BACKGROUND: The implementation of the Patient Protection and Affordable Care Act is anticipated to increase the frequency of emergency department (ED) visits. Therefore, there is a critical need to improve the quality of care transitions among ED patients from ED to outpatient services. 

OBJECTIVE: To evaluate the effect of systematic implementation of a pharmacist-led patient-centered approach to medication therapy management and reconciliation service (MRS) in the ED on patient utilization of available health care services.

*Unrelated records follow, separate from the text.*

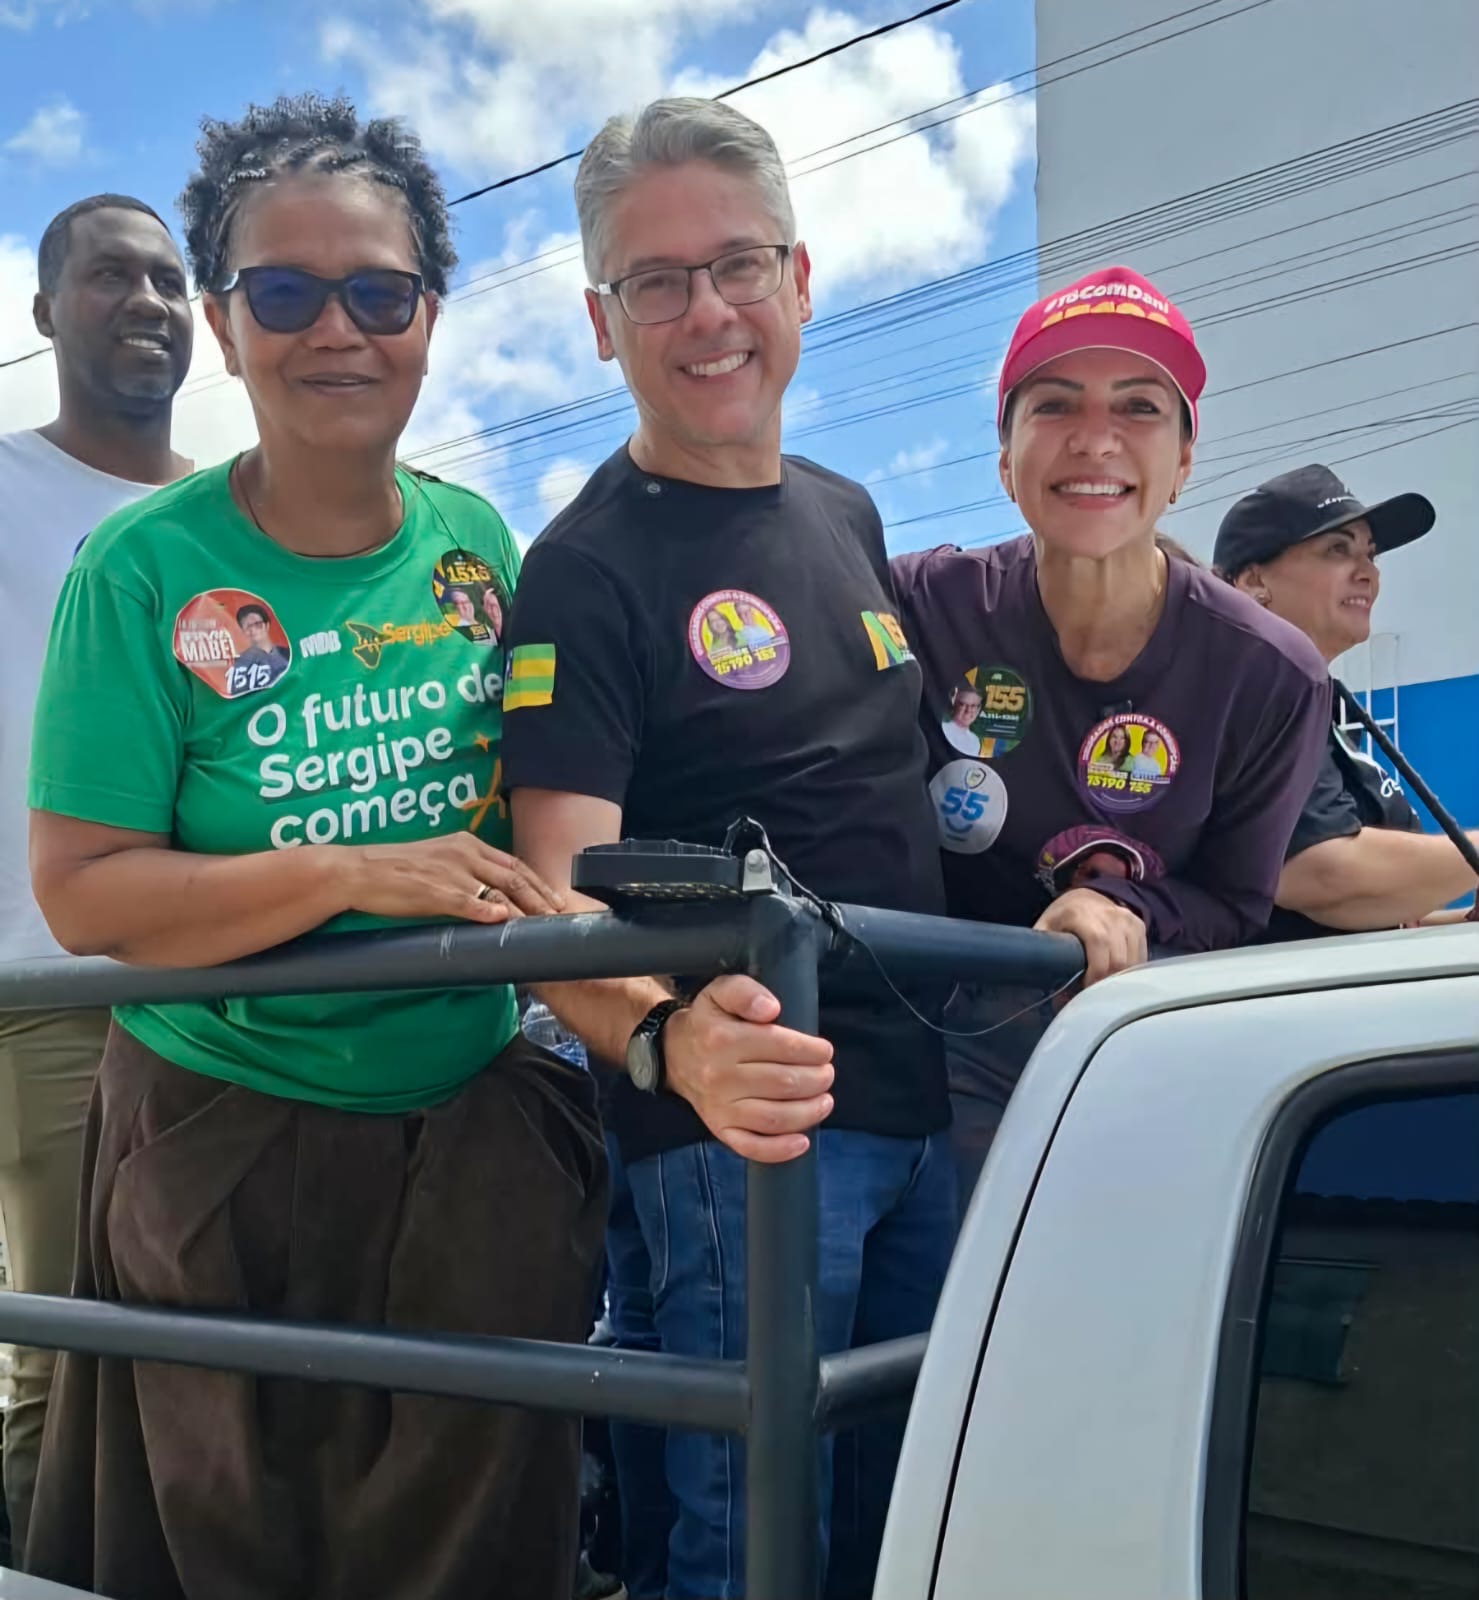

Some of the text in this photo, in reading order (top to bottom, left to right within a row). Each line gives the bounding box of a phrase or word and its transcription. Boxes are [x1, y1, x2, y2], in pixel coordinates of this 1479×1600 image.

[446, 563, 491, 583] 1515
[224, 663, 271, 694] 1515
[247, 663, 503, 748] O futuro de
[984, 685, 1026, 712] 155
[258, 727, 454, 798] Sergipe
[270, 772, 479, 849] começa
[940, 786, 989, 821] 55

METHODS: A single institution prospective randomized cohort study with 90-day postvisit observation randomized patients into 2 groups:
(1) medication therapy management reconciliation service following a patient-centered approach (MRS) or (2) usual care provided by the institution (non-MRS). To align patient enrollment with availability of other primary care services, subjects were enrolled during weekday daytime hours. Data for the 90 days before and after the index ED visit were matched in all analyses. Generalized estimating equations evaluated any primary care (PC), urgent care (UC), and ED visits during the 90 days post-index ED visit, adjusted by age and sex and weighted by survival time. Generalized linear models evaluated the average number of ED visits during that period, adjusted by age and sex and weighted by survival time. Data were analyzed for all adult patients (ADLTS), aged ≥ 18 years, and the subpopulation taking 1 or more prescribed daily medication at the time of the index ED visit (ADLTS1+)—the patients expected to receive greatest benefit from an MRS program.

RESULTS: ADLTS MRS patients were 1.9 more likely than non-MRS patients to visit their PC providers (mean difference 0.15, P < 0.001). Similarly, ADLTS1+ MRS patients were 1.5 times more likely to visit their PC providers (mean difference 0.10, P = 0.026). Although ADLT MRS patients were less likely to visit the UC, this was not significant. However, ADLTS1+ MRS patients were significantly less likely than non-MRS patients (OR = 0.5, 95% CI = 0.3-0.9) to visit the UC. No significant difference was seen in ED visits.

CONCLUSIONS: The implementation of a patient-centered approach to medication therapy management and reconciliation improved the odds of patients visiting their PC providers, a positive first step in transitioning patients toward an appropriate use of PC services.